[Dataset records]
########################################

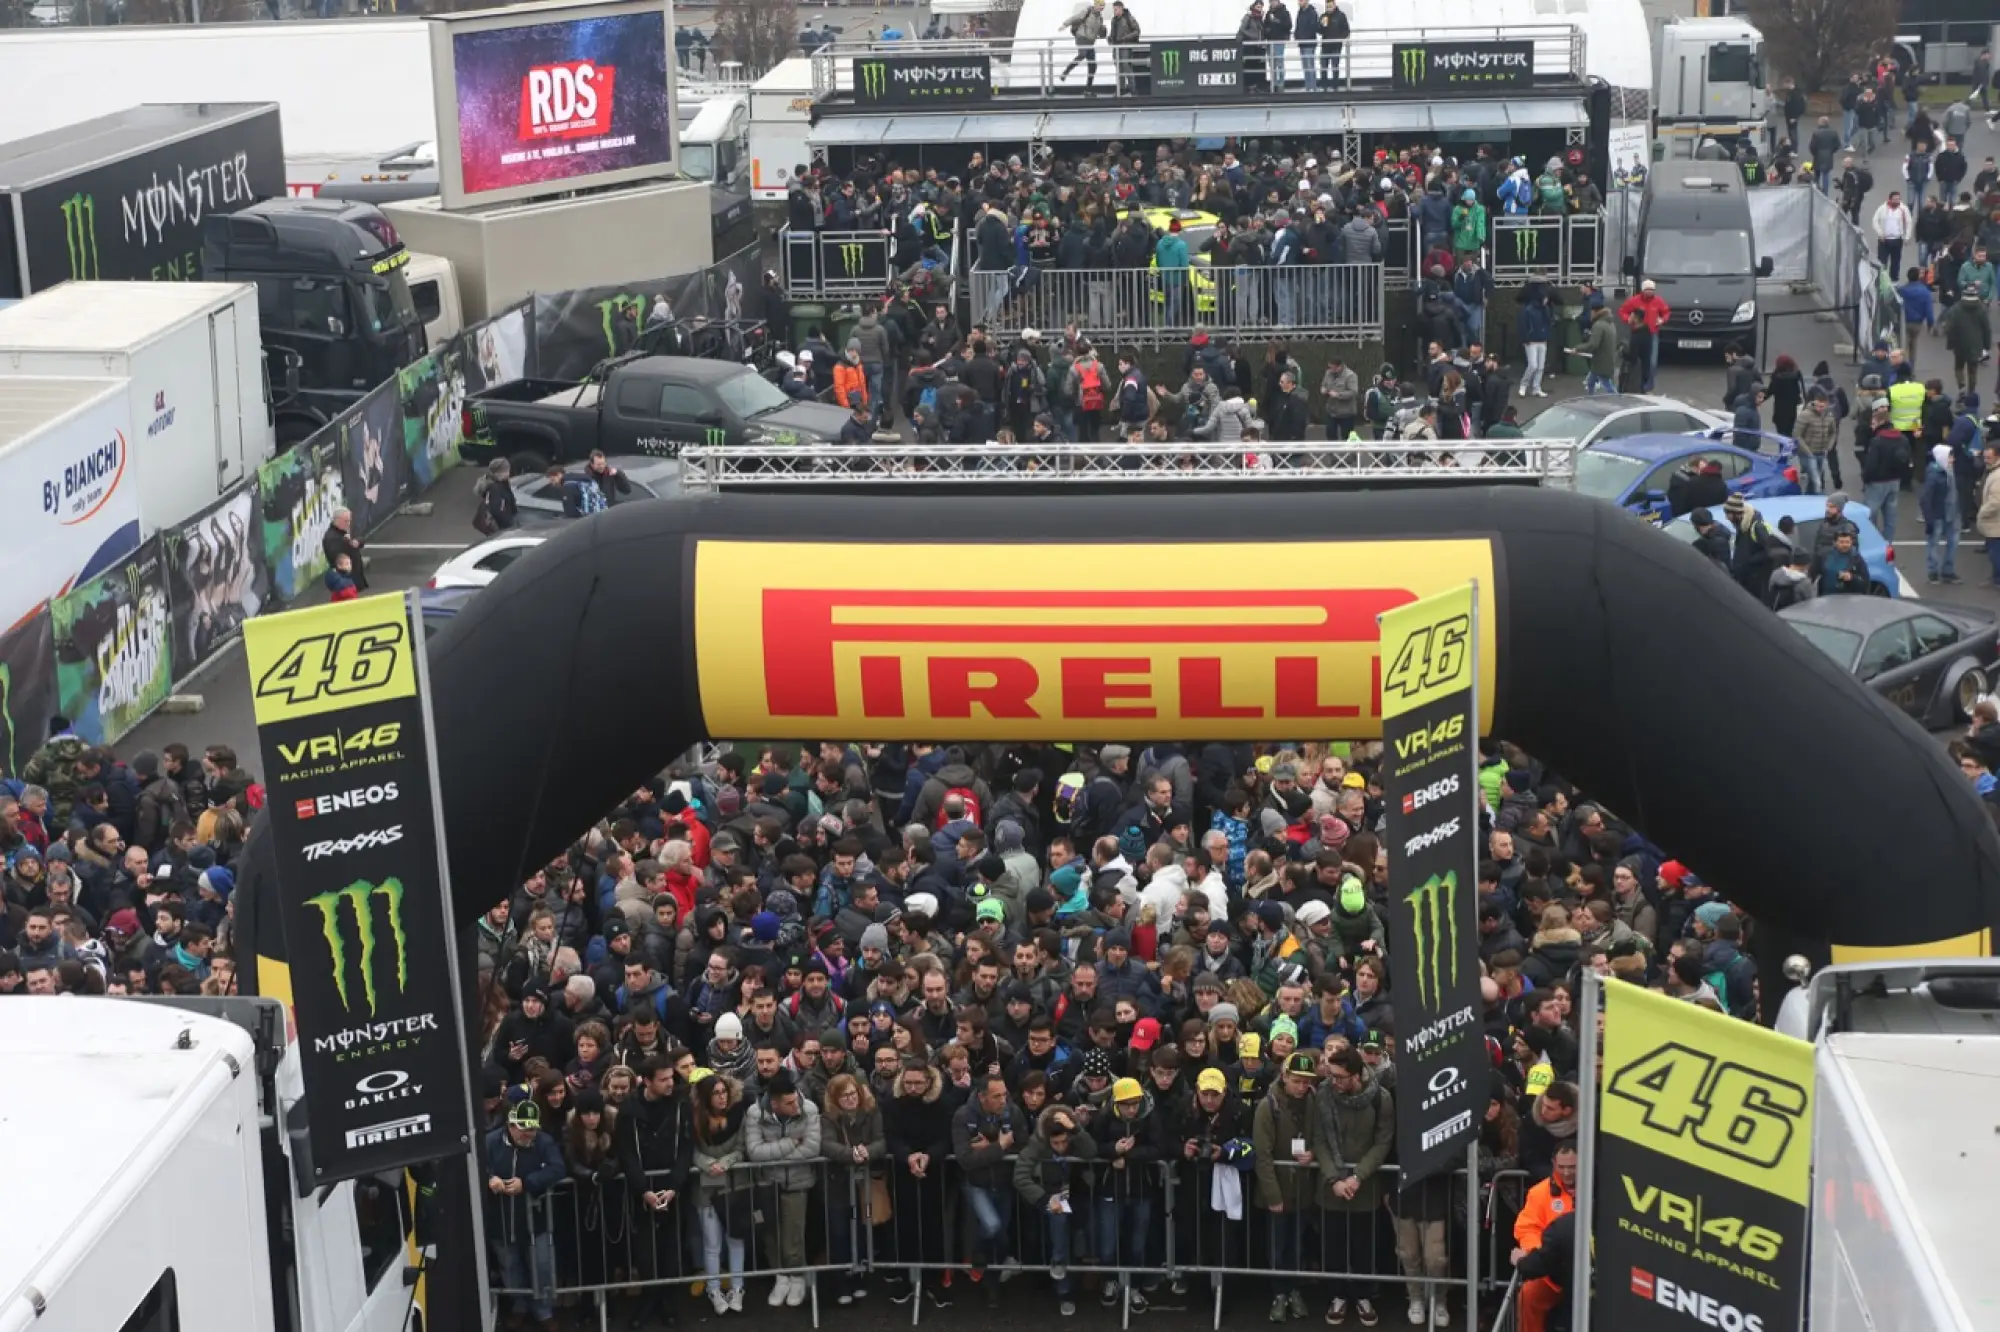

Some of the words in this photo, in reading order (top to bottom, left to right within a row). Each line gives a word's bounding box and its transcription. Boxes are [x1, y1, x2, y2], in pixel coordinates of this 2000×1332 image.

[893, 65, 985, 84] MONSTER
[1433, 51, 1528, 69] MONSTER
[1450, 73, 1516, 81] ENERGY
[529, 64, 598, 126] RDS
[910, 87, 975, 96] ENERGY
[121, 150, 254, 247] MONSTER
[43, 480, 61, 515] By
[64, 438, 117, 499] BIANCHI
[256, 621, 404, 704] 46
[1384, 614, 1469, 699] 46
[280, 764, 335, 783] RACING
[340, 750, 405, 771] APPAREL
[1427, 743, 1465, 768] APPAREL
[316, 781, 400, 815] ENEOS
[1413, 773, 1460, 810] ENEOS
[302, 824, 404, 861] TRAXXAS
[314, 1012, 439, 1055] MONSTER
[1405, 1005, 1475, 1054] MONSTER
[1417, 1031, 1466, 1062] ENERGY
[336, 1036, 423, 1063] ENERGY
[344, 1083, 425, 1111] OAKLEY
[1422, 1079, 1468, 1111] OAKLEY
[1606, 1040, 1809, 1169] 46
[345, 1114, 432, 1150] PIRELLI
[1421, 1108, 1473, 1152] PIRELLI
[1618, 1216, 1687, 1254] RACING
[1692, 1248, 1782, 1291] APPAREL
[1655, 1277, 1764, 1332] ENEOS
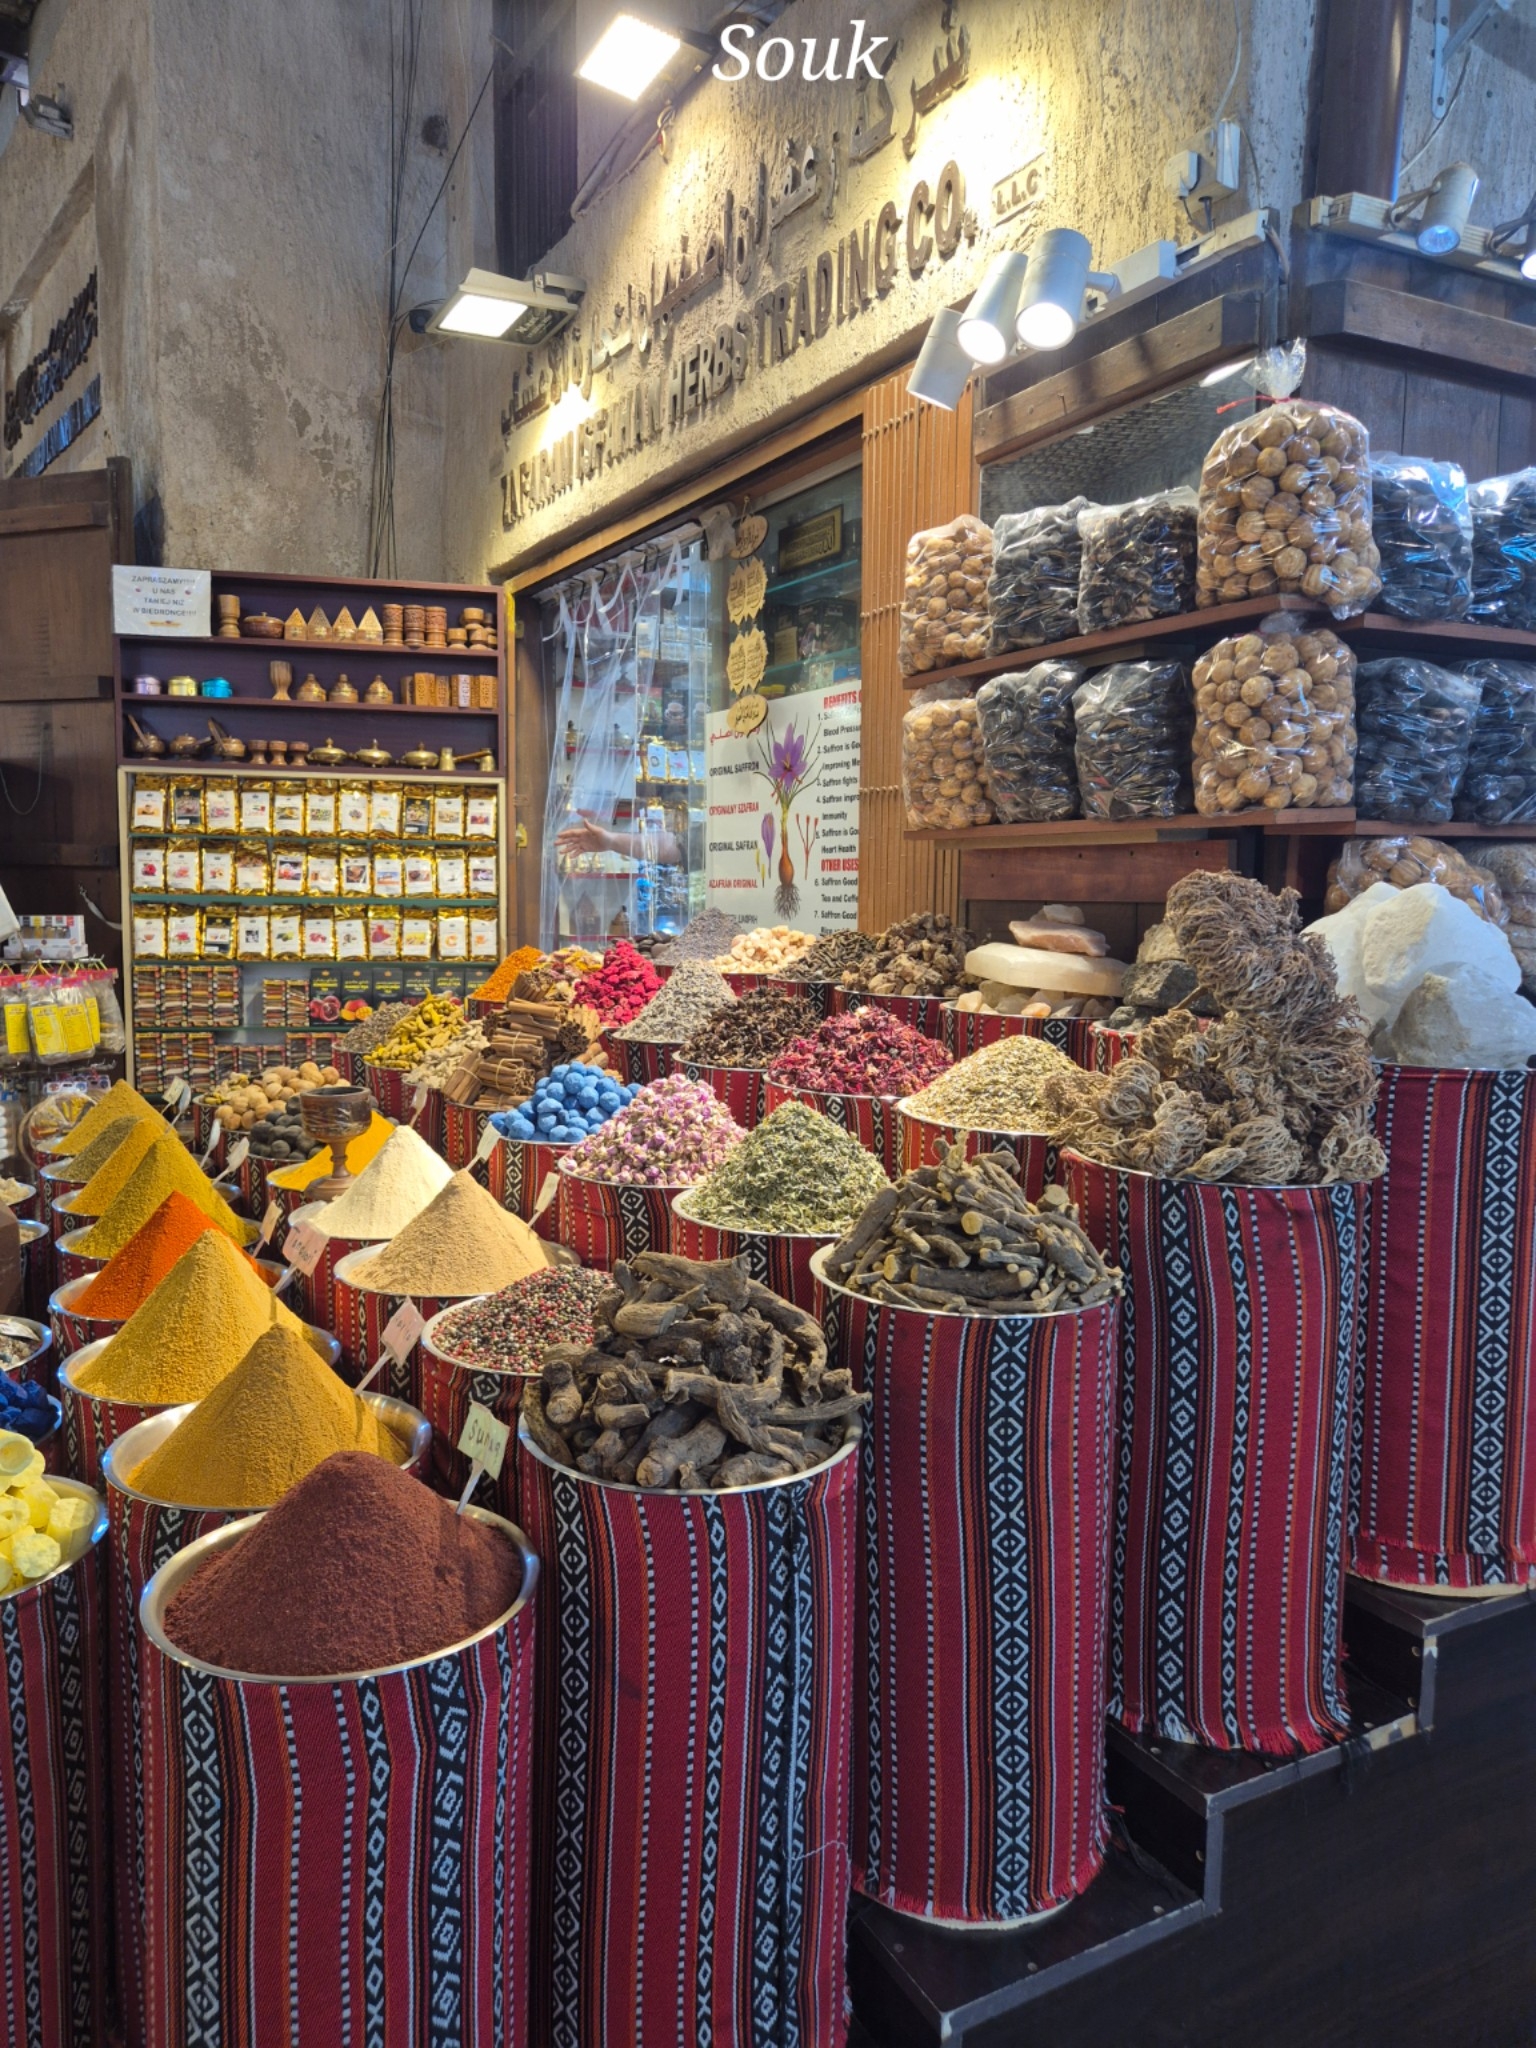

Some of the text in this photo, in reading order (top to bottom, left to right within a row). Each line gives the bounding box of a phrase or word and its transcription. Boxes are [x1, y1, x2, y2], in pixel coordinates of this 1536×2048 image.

[667, 310, 753, 424] HERBS
[754, 201, 899, 370] TRADING
[907, 160, 976, 273] CO.
[823, 691, 857, 709] BENEFITS
[709, 761, 759, 777] ORIGINAL SAFFRON
[823, 778, 841, 787] Saffron
[842, 776, 857, 787] fights
[822, 794, 842, 804] Saffron
[822, 811, 847, 820] Immunity
[822, 828, 841, 837] Saffron
[709, 841, 734, 852] ORIGINAL
[821, 844, 856, 854] Heart Health
[821, 859, 841, 871] OTHER
[733, 880, 758, 888] ORIGINAL
[821, 877, 841, 885] Saffron
[843, 877, 858, 886] Good
[821, 911, 841, 919] Saffron
[842, 911, 857, 919] Good

########################################

**What you need to do**
What you return must match the records letter for letter, except that the pictures stay out.

**Exercise response**
Some of the words in this photo, in reading order (top to bottom, left to right within a row). Each line gives a word's bounding box and its transcription. Boxes are [x1, y1, x2, y2], in pixel coordinates of this 2000×1332 image.

[893, 65, 985, 84] MONSTER
[1433, 51, 1528, 69] MONSTER
[1450, 73, 1516, 81] ENERGY
[529, 64, 598, 126] RDS
[910, 87, 975, 96] ENERGY
[121, 150, 254, 247] MONSTER
[43, 480, 61, 515] By
[64, 438, 117, 499] BIANCHI
[256, 621, 404, 704] 46
[1384, 614, 1469, 699] 46
[280, 764, 335, 783] RACING
[340, 750, 405, 771] APPAREL
[1427, 743, 1465, 768] APPAREL
[316, 781, 400, 815] ENEOS
[1413, 773, 1460, 810] ENEOS
[302, 824, 404, 861] TRAXXAS
[314, 1012, 439, 1055] MONSTER
[1405, 1005, 1475, 1054] MONSTER
[1417, 1031, 1466, 1062] ENERGY
[336, 1036, 423, 1063] ENERGY
[344, 1083, 425, 1111] OAKLEY
[1422, 1079, 1468, 1111] OAKLEY
[1606, 1040, 1809, 1169] 46
[345, 1114, 432, 1150] PIRELLI
[1421, 1108, 1473, 1152] PIRELLI
[1618, 1216, 1687, 1254] RACING
[1692, 1248, 1782, 1291] APPAREL
[1655, 1277, 1764, 1332] ENEOS

Some of the text in this photo, in reading order (top to bottom, left to right within a row). Each line gives the bounding box of a phrase or word and its transcription. Boxes are [x1, y1, x2, y2], in pixel coordinates of this 1536×2048 image.

[667, 310, 753, 424] HERBS
[754, 201, 899, 370] TRADING
[907, 160, 976, 273] CO.
[823, 691, 857, 709] BENEFITS
[709, 761, 759, 777] ORIGINAL SAFFRON
[823, 778, 841, 787] Saffron
[842, 776, 857, 787] fights
[822, 794, 842, 804] Saffron
[822, 811, 847, 820] Immunity
[822, 828, 841, 837] Saffron
[709, 841, 734, 852] ORIGINAL
[821, 844, 856, 854] Heart Health
[821, 859, 841, 871] OTHER
[733, 880, 758, 888] ORIGINAL
[821, 877, 841, 885] Saffron
[843, 877, 858, 886] Good
[821, 911, 841, 919] Saffron
[842, 911, 857, 919] Good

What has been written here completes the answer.